▶ **Directions for this task**
The required output is the whole listing below, unchanged.

▶ **Records provided**

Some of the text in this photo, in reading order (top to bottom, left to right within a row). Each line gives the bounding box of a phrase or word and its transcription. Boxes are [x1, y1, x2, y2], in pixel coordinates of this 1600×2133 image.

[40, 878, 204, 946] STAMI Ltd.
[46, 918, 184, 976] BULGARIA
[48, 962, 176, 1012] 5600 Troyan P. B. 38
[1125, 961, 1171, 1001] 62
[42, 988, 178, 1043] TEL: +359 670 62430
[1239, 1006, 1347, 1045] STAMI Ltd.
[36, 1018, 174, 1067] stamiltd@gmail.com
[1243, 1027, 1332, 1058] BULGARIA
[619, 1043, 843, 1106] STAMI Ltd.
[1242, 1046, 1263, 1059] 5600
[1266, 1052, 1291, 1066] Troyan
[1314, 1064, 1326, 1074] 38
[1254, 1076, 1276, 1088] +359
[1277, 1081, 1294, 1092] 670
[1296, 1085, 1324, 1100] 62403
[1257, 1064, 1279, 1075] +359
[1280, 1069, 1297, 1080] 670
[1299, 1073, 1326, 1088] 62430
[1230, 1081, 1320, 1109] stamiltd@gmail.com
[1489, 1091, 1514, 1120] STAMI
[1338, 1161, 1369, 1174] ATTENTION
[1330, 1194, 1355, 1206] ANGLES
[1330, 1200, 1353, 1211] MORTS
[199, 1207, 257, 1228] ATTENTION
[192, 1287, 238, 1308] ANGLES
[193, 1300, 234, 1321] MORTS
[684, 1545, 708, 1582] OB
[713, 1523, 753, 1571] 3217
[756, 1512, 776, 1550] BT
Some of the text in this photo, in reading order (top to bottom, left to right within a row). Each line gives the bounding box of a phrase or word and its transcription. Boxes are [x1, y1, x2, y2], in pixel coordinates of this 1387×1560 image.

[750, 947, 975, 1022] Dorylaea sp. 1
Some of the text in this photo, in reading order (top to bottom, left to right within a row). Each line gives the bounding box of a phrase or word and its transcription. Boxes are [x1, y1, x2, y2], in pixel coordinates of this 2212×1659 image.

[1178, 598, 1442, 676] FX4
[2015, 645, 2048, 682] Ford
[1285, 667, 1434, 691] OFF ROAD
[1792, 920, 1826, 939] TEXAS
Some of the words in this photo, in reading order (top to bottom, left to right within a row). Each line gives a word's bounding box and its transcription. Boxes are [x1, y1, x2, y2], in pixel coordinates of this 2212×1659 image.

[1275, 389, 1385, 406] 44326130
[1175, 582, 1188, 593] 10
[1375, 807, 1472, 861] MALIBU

▶ **Solution**
Some of the text in this photo, in reading order (top to bottom, left to right within a row). Each line gives the bounding box of a phrase or word and its transcription. Boxes are [x1, y1, x2, y2], in pixel coordinates of this 1600×2133 image.

[40, 878, 204, 946] STAMI Ltd.
[46, 918, 184, 976] BULGARIA
[48, 962, 176, 1012] 5600 Troyan P. B. 38
[1125, 961, 1171, 1001] 62
[42, 988, 178, 1043] TEL: +359 670 62430
[1239, 1006, 1347, 1045] STAMI Ltd.
[36, 1018, 174, 1067] stamiltd@gmail.com
[1243, 1027, 1332, 1058] BULGARIA
[619, 1043, 843, 1106] STAMI Ltd.
[1242, 1046, 1263, 1059] 5600
[1266, 1052, 1291, 1066] Troyan
[1314, 1064, 1326, 1074] 38
[1254, 1076, 1276, 1088] +359
[1277, 1081, 1294, 1092] 670
[1296, 1085, 1324, 1100] 62403
[1257, 1064, 1279, 1075] +359
[1280, 1069, 1297, 1080] 670
[1299, 1073, 1326, 1088] 62430
[1230, 1081, 1320, 1109] stamiltd@gmail.com
[1489, 1091, 1514, 1120] STAMI
[1338, 1161, 1369, 1174] ATTENTION
[1330, 1194, 1355, 1206] ANGLES
[1330, 1200, 1353, 1211] MORTS
[199, 1207, 257, 1228] ATTENTION
[192, 1287, 238, 1308] ANGLES
[193, 1300, 234, 1321] MORTS
[684, 1545, 708, 1582] OB
[713, 1523, 753, 1571] 3217
[756, 1512, 776, 1550] BT
Some of the text in this photo, in reading order (top to bottom, left to right within a row). Each line gives the bounding box of a phrase or word and its transcription. Boxes are [x1, y1, x2, y2], in pixel coordinates of this 1387×1560 image.

[750, 947, 975, 1022] Dorylaea sp. 1
Some of the text in this photo, in reading order (top to bottom, left to right within a row). Each line gives the bounding box of a phrase or word and its transcription. Boxes are [x1, y1, x2, y2], in pixel coordinates of this 2212×1659 image.

[1178, 598, 1442, 676] FX4
[2015, 645, 2048, 682] Ford
[1285, 667, 1434, 691] OFF ROAD
[1792, 920, 1826, 939] TEXAS
Some of the words in this photo, in reading order (top to bottom, left to right within a row). Each line gives a word's bounding box and its transcription. Boxes are [x1, y1, x2, y2], in pixel coordinates of this 2212×1659 image.

[1275, 389, 1385, 406] 44326130
[1175, 582, 1188, 593] 10
[1375, 807, 1472, 861] MALIBU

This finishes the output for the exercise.